Traditionnellement, le juge administratif est respectueux de la lettre des contrats et s’abstient de s’immiscer dans la relation contractuelle. C’est pourquoi pendant longtemps, le juge administratif s’interdisait de réviser le montant des clauses pénales dans la mesure où « il n'appartient pas au juge administratif de modifier les clauses d'un contrat librement accepté par les parties » (13 mai 1987, Société Citra-France et autres, n°s 35374-50006-50065). En particulier, l'alinéa 2 de l'ancien article 1152 du code civil (aujourd'hui 1231-5) qui autorise le juge, même d'office, à moduler le montant des pénalités contractuelles manifestement excessives ou dérisoires était inapplicable devant les juridictions administratives. Au nom de la recherche d'un équilibre contractuel, le Conseil d'État a modifié sa position dans l'arrêt OPHLM de Puteaux. Dans cette décision, le Conseil d'Etat a reconnu au juge administratif le pouvoir de moduler les pénalités de retard dues par l'entrepreneur au maître d'ouvrage, « par application des principes dont s'inspire l'article 1152 du code civil, si ces pénalités atteignent un montant manifestement excessif ou dérisoire eu égard au montant du marché » (CE 29 déc. 2008, n° 296930, OPHLM de Puteaux, Lebon).

Dans un arrêt de juillet 2017, le Conseil d'État insiste sur le caractère exceptionnel d’une telle modulation, et précise les éléments devant être pris en compte par le juge du contrat pour la modulation des pénalités contractuelles prévues par les stipulations d'un marché public (CE, 19 juill. 2017, n° 392707). Le Conseil d’Etat précise ainsi que le caractère excessif ou dérisoire des pénalités s’apprécie « eu égard au montant du marché et compte tenu de l'ampleur du retard constaté dans l'exécution des prestations. ». Le Conseil d’État ajoute que « lorsque le titulaire du marché saisit le juge de conclusions tendant à ce qu'il modère les pénalités mises à sa charge, il ne saurait utilement soutenir que le pouvoir adjudicateur n'a subi aucun préjudice ou que le préjudice qu'il a subi est inférieur au montant des pénalités mises à sa charge. » soulignant la fonction essentiellement comminatoire de ces clauses, et non pas réparatrice. Ainsi, il appartient au titulaire du marché, « de fournir aux juges tous éléments, relatifs notamment aux pratiques observées pour des marchés comparables ou aux caractéristiques particulières du marché en litige, de nature à établir dans quelle mesure ces pénalités présentent selon lui un caractère manifestement excessif. ». L’arrêt commenté s’inscrit dans le cadre de cette jurisprudence, dont elle fait application pour les délégations de service public. 
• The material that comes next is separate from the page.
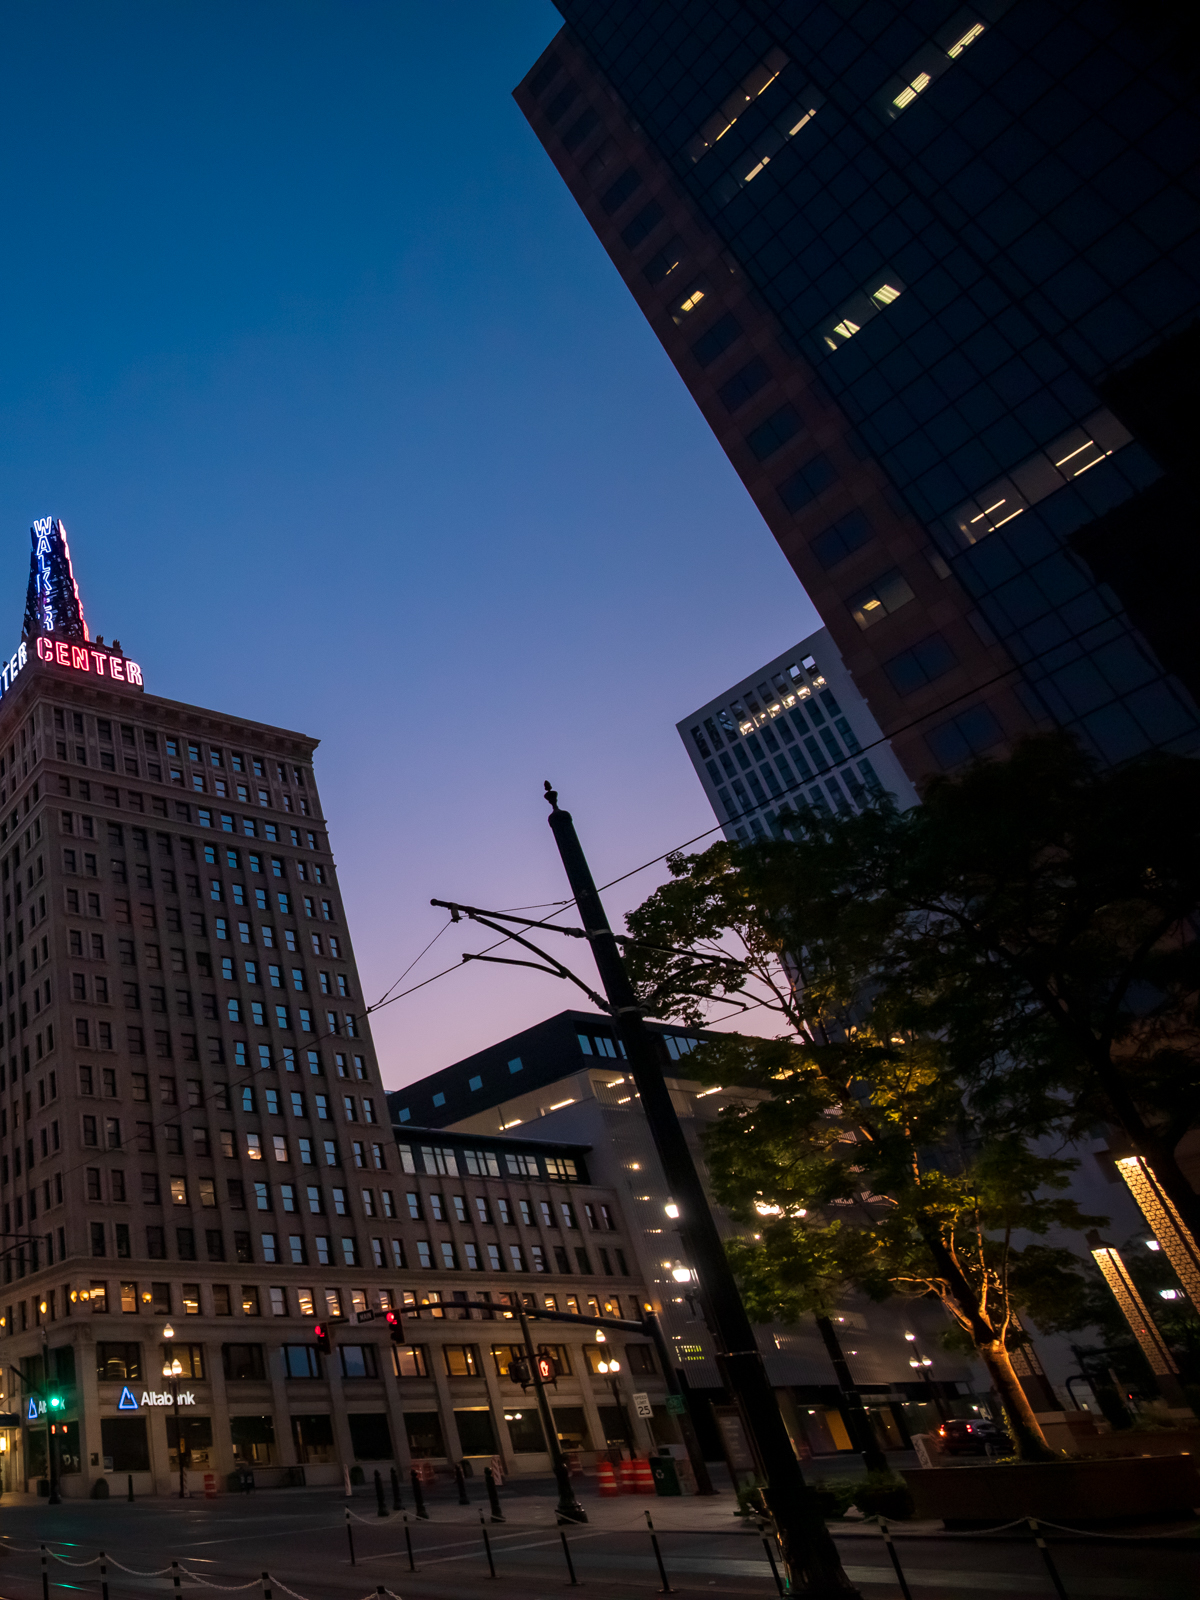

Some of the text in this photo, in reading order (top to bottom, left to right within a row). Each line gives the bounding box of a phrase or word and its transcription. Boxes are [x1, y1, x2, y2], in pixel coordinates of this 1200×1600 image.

[33, 516, 54, 632] WALKER
[36, 637, 143, 686] CENTER
[638, 1405, 651, 1416] 25
En l’espèce, la commune de l’Horme (département de la Loire) a confié à la société People and Baby une délégation de service public d'un équipement d'accueil de jeunes enfants. La convention de délégation de service public prévoyait l’obligation pour le délégataire de produire chaque année un compte rendu de l'année passée comportant notamment un compte rendu technique et un compte rendu financier, ce dernier devant être certifié par un commissaire aux comptes. La convention prévoyait des pénalités en cas de retard ou de non-production de ce compte rendu : une pénalité de 150 euros par jour de retard (en cas de retard) ainsi qu’une pénalité égale à 10.000 euros par semaine écoulée jusqu'à la production des documents (en cas de non- production du compte rendu), le tout à compter du jour de la réception de la mise en demeure. 

La société People and Baby a adressé le compte rendu annuel de l'année 2019 dans les délais, mais en omettant de le faire certifier par un commissaire au compte. Le document certifié, identique au document initial, a finalement été produit plusieurs semaines plus tard. Le 9 juillet 2021, le Maire de l'Horme a émis un titre exécutoire rendant la société People and Baby débitrice d’une somme de 100 000 euros correspondant à la liquidation de pénalités contractuelles sanctionnant l'absence de production du compte-rendu annuel certifié par un commissaire aux comptes. La société People and Baby a demandé au tribunal administratif de Lyon l’annulation de ce titre exécutoire. Le tribunal a rejeté sa demande. La société interjette appel de ce jugement devant la Cour administrative d’appel de Lyon. Elle demande l’annulation du jugement, l’annulation du titre exécutoire et à titre subsidiaire, la réduction du montant du titre exécutoire.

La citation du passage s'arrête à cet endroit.